For example, in this “cough detection” dataset, we captured several contextual properties such as subject, age, gender, etc. Using these we would be able to build a model for different age groups that most likely would be more accurate and compact than attempting to build a single general model.

You can capture the contextual information in the Data Capture Lab using the metadata properties. Metadata are applied to the entire captured file, so when you are creating your data collection strategy think carefully about what information you may need. Metadata can be created as a selectable dropdown or manual entry allowing flexibility for your data collectors.

The video below goes into how to create and update metadata and segment label properties in the SensiML Data Capture Lab.

Capturing data

It’s time to start collecting data. To collect data, we will go to the Capture mode in the Data Capture Lab. The first thing we need to do is to set up the sensor configuration that we would like to use. For this tutorial, we are using the ST SensorTile Box. There are several other sensors with built-in support for this edge device. You can see more information about this board here.

We will configure this sensor to capture audio data at a sample rate of 16kHz. In this tutorial, the data is stored directly to an internal SD card then transferred directly to our computer.

After specifying our sensor configuration, we will connect to the device and be ready to record live data. The captured data will be saved locally to your computer as well as be synced up to the SensiML cloud. This allows other members of your team who have permission to see and label your new captured file. Alternatively, if you already have a data collection method for your device, the Data Capture Lab can import CSV and WAV files directly so you can still use it for annotating the data.

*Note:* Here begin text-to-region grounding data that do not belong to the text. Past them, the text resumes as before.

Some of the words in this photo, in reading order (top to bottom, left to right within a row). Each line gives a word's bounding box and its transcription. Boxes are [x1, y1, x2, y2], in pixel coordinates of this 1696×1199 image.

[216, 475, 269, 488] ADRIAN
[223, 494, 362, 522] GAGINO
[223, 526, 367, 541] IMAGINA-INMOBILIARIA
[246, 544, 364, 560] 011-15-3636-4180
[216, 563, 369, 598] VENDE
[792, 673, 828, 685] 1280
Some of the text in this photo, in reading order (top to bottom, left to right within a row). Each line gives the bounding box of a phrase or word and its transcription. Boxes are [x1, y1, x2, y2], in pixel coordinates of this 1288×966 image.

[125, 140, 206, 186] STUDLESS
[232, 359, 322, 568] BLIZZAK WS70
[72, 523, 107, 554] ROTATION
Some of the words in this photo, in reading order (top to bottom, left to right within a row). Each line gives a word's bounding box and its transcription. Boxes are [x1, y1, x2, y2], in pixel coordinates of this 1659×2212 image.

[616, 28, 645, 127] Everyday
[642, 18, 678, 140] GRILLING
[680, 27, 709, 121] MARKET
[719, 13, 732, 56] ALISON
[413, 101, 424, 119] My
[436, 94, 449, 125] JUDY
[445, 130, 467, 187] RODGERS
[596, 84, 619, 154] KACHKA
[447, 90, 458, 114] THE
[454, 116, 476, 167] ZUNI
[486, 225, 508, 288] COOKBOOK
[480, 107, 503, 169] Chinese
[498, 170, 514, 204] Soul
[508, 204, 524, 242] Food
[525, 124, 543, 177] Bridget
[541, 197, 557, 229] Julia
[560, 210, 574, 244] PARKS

The video below walks through capturing and syncing the data to your cloud project with the Data Capture Lab.

The video below walks through:

  • Open the project

  • Setup sensor configuration for desired edge device

  • Connecting Data Capture Lab to edge device

  • Setup class and metadata labels for data collection

  • Adding data to your cloud project with the Data Capture Lab

[6]:

Annotating events of interest

The Data Capture Lab has a manual label mode and an automatic event detection mode. For this tutorial, we are going to use automatic event detection mode and label the events. When we go to build the model, we will use these events to generate features to feed into the classifier.

To label a region, click on the “Detect Segments” button then the selected segmentation algorithm detects the event, and then specify which label is associated with that event. If you have collected your data set through other means, you can also import CSV or WAV files into the Data Capture Lab. More details can be found here.

The video below walks you through how to label the events of a captured file in the SensiML Data Capture Lab.

[7]:

Building a Model

The SensiML Analytics Studio is where you can create the following steps

  • Create a query and pull data into your model

  • Adding model building steps to the pipeline

  • Explore the model

  • Validate model accuracy against raw signal data

  • Download your model as firmware code for the target device

For the next part of the tutorial, you will need to log into Analytics Studio

Creating a query

We will first start off by selecting the “Cough Detection” project which is created with the SensiML Data Capture Lab. When you select the project, you will see an overview of all the captures, queries, pipelines, and models that are part of the project. We will start off by creating a query.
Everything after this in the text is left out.